(Spatial localization data)
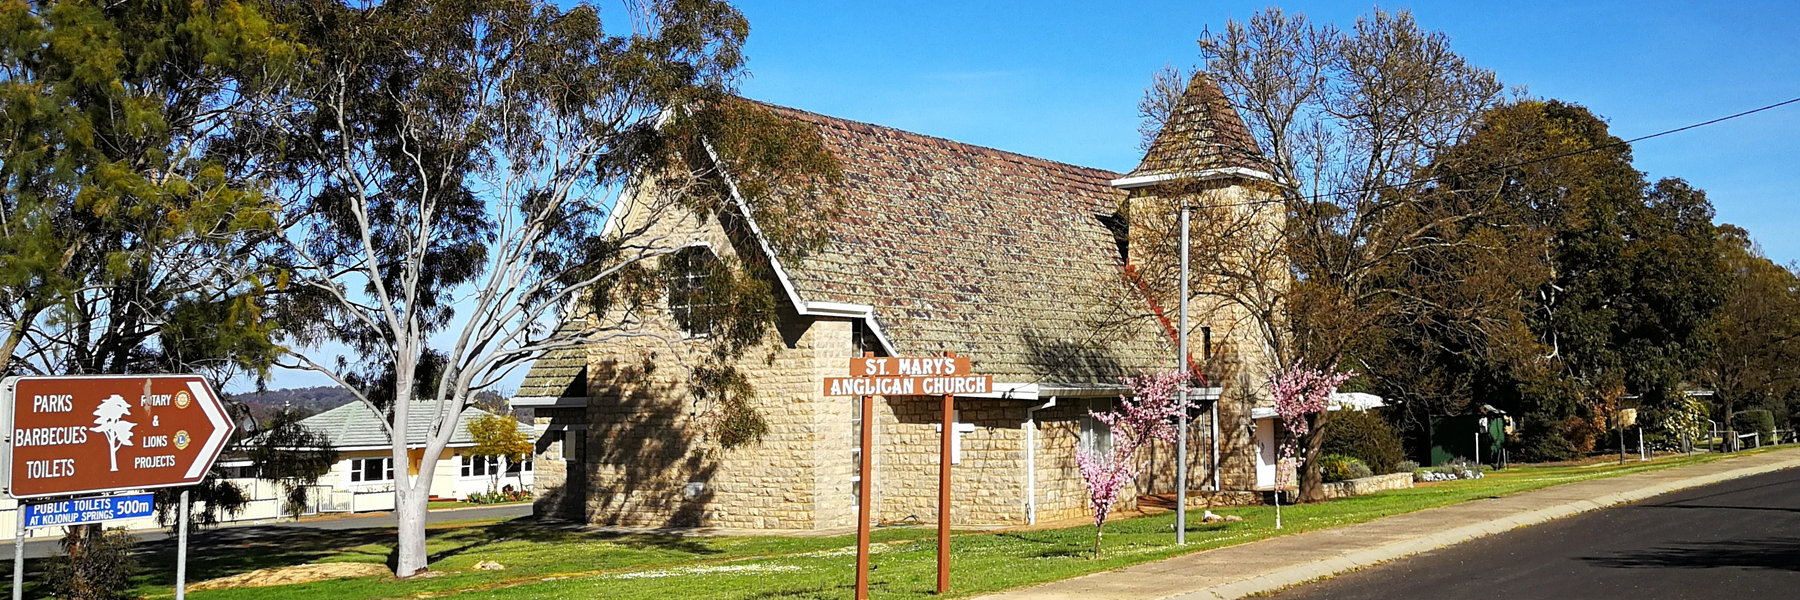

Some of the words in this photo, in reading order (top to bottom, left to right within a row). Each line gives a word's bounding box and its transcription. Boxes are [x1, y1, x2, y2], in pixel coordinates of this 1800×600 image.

[865, 358, 890, 375] ST.
[830, 378, 914, 396] ANGLICAN
[922, 376, 987, 394] CHURCH
[33, 394, 73, 413] PARKS
[140, 394, 172, 407] RTARY
[152, 415, 160, 427] &
[15, 426, 88, 447] BARBECUES
[143, 435, 168, 448] LIONS
[26, 458, 75, 479] TOILETS
[134, 455, 176, 469] PROJECTS
[33, 502, 69, 515] PUBLIC
[74, 498, 111, 512] TOILETS
[117, 500, 149, 515] 500m
[29, 515, 40, 526] AT
[42, 512, 79, 525] KOJONUP
[81, 510, 113, 521] SPRINGS
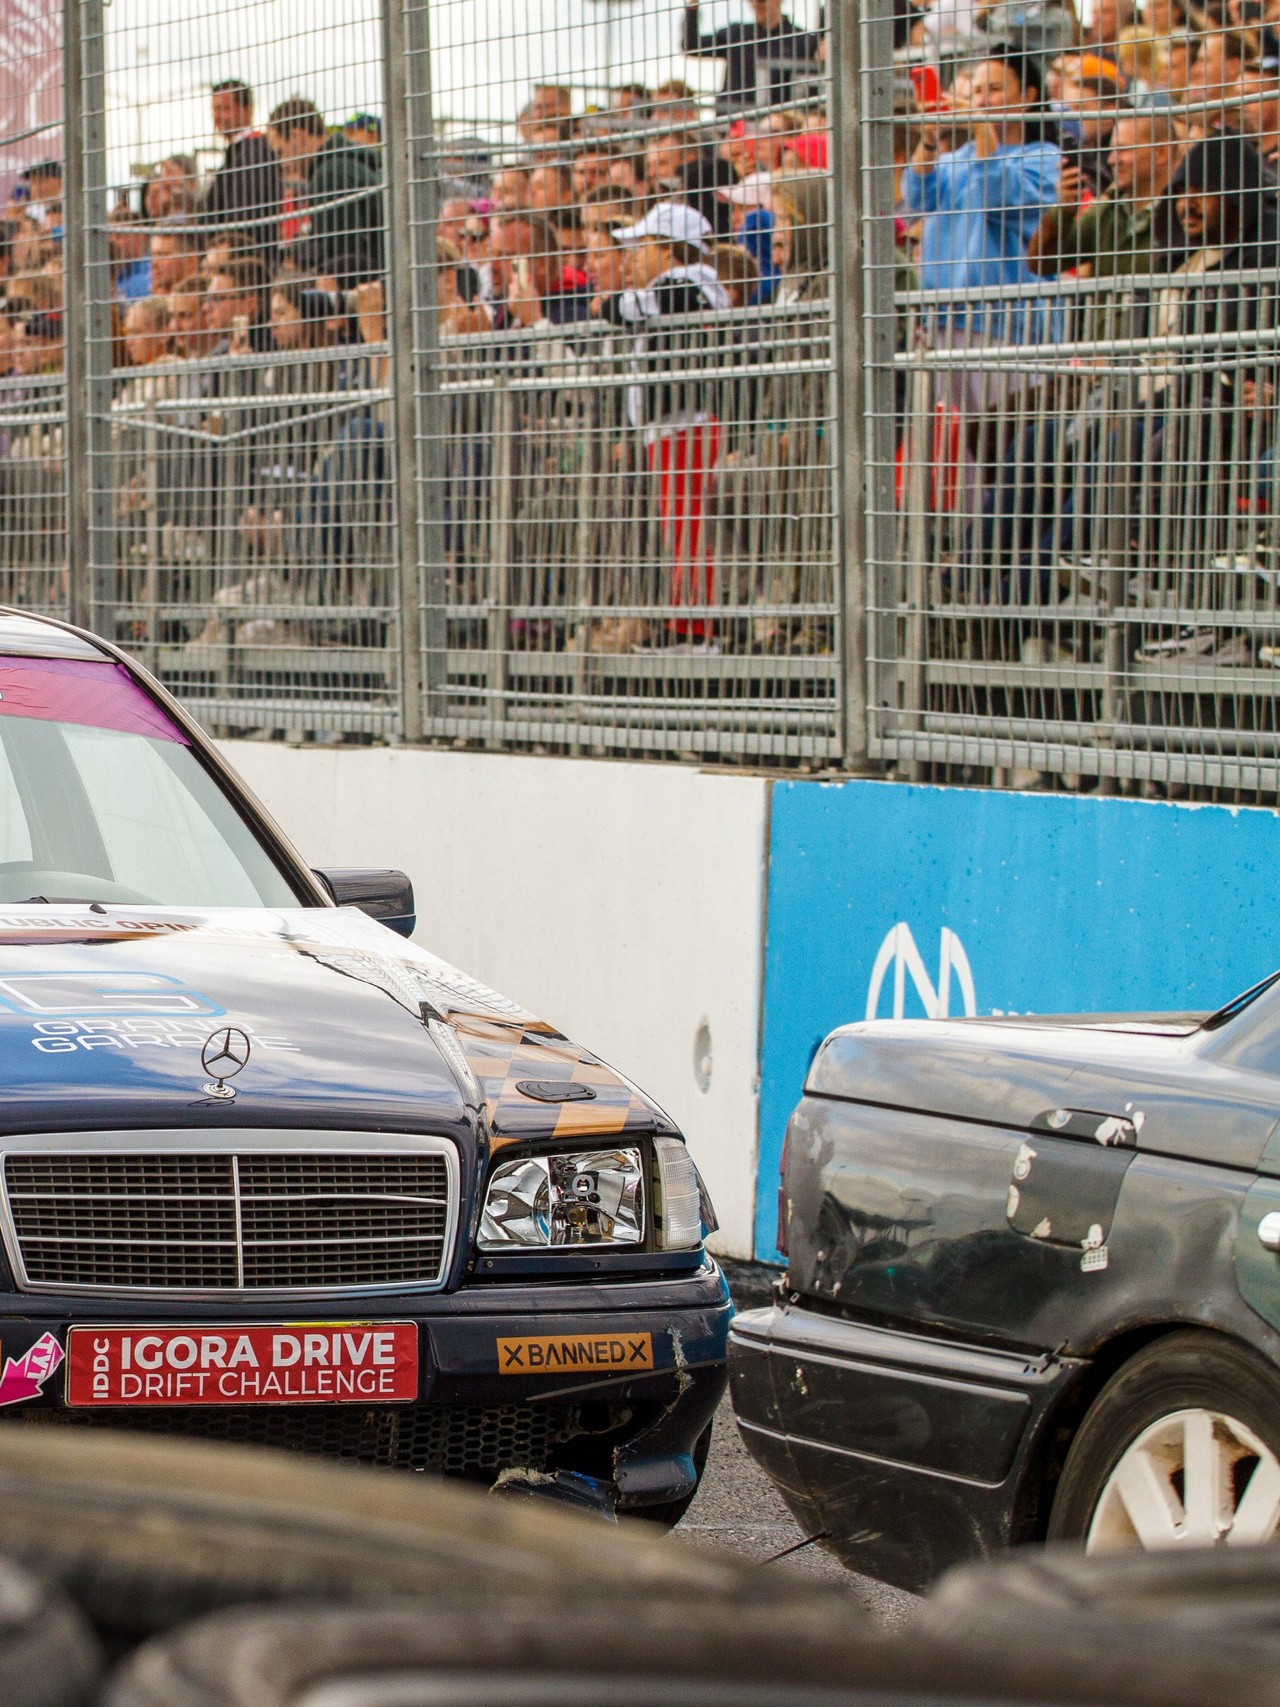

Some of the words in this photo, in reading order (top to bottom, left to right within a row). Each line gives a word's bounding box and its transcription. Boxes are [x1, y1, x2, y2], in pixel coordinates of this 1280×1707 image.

[33, 1019, 255, 1035] GRAND
[31, 1034, 301, 1053] GARAGE
[121, 1336, 259, 1370] IGORA
[272, 1332, 396, 1367] DRIVE
[93, 1338, 110, 1398] IDDC
[121, 1372, 211, 1399] DRIFT
[218, 1369, 396, 1397] CHALLENGE

__ACTIVITY__
Pictures aside, retype all of the entries word for word.

__EXERCISE RESPONSE__
Some of the words in this photo, in reading order (top to bottom, left to right within a row). Each line gives a word's bounding box and its transcription. Boxes are [x1, y1, x2, y2], in pixel coordinates of this 1800×600 image.

[865, 358, 890, 375] ST.
[830, 378, 914, 396] ANGLICAN
[922, 376, 987, 394] CHURCH
[33, 394, 73, 413] PARKS
[140, 394, 172, 407] RTARY
[152, 415, 160, 427] &
[15, 426, 88, 447] BARBECUES
[143, 435, 168, 448] LIONS
[26, 458, 75, 479] TOILETS
[134, 455, 176, 469] PROJECTS
[33, 502, 69, 515] PUBLIC
[74, 498, 111, 512] TOILETS
[117, 500, 149, 515] 500m
[29, 515, 40, 526] AT
[42, 512, 79, 525] KOJONUP
[81, 510, 113, 521] SPRINGS

Some of the words in this photo, in reading order (top to bottom, left to right within a row). Each line gives a word's bounding box and its transcription. Boxes are [x1, y1, x2, y2], in pixel coordinates of this 1280×1707 image.

[33, 1019, 255, 1035] GRAND
[31, 1034, 301, 1053] GARAGE
[121, 1336, 259, 1370] IGORA
[272, 1332, 396, 1367] DRIVE
[93, 1338, 110, 1398] IDDC
[121, 1372, 211, 1399] DRIFT
[218, 1369, 396, 1397] CHALLENGE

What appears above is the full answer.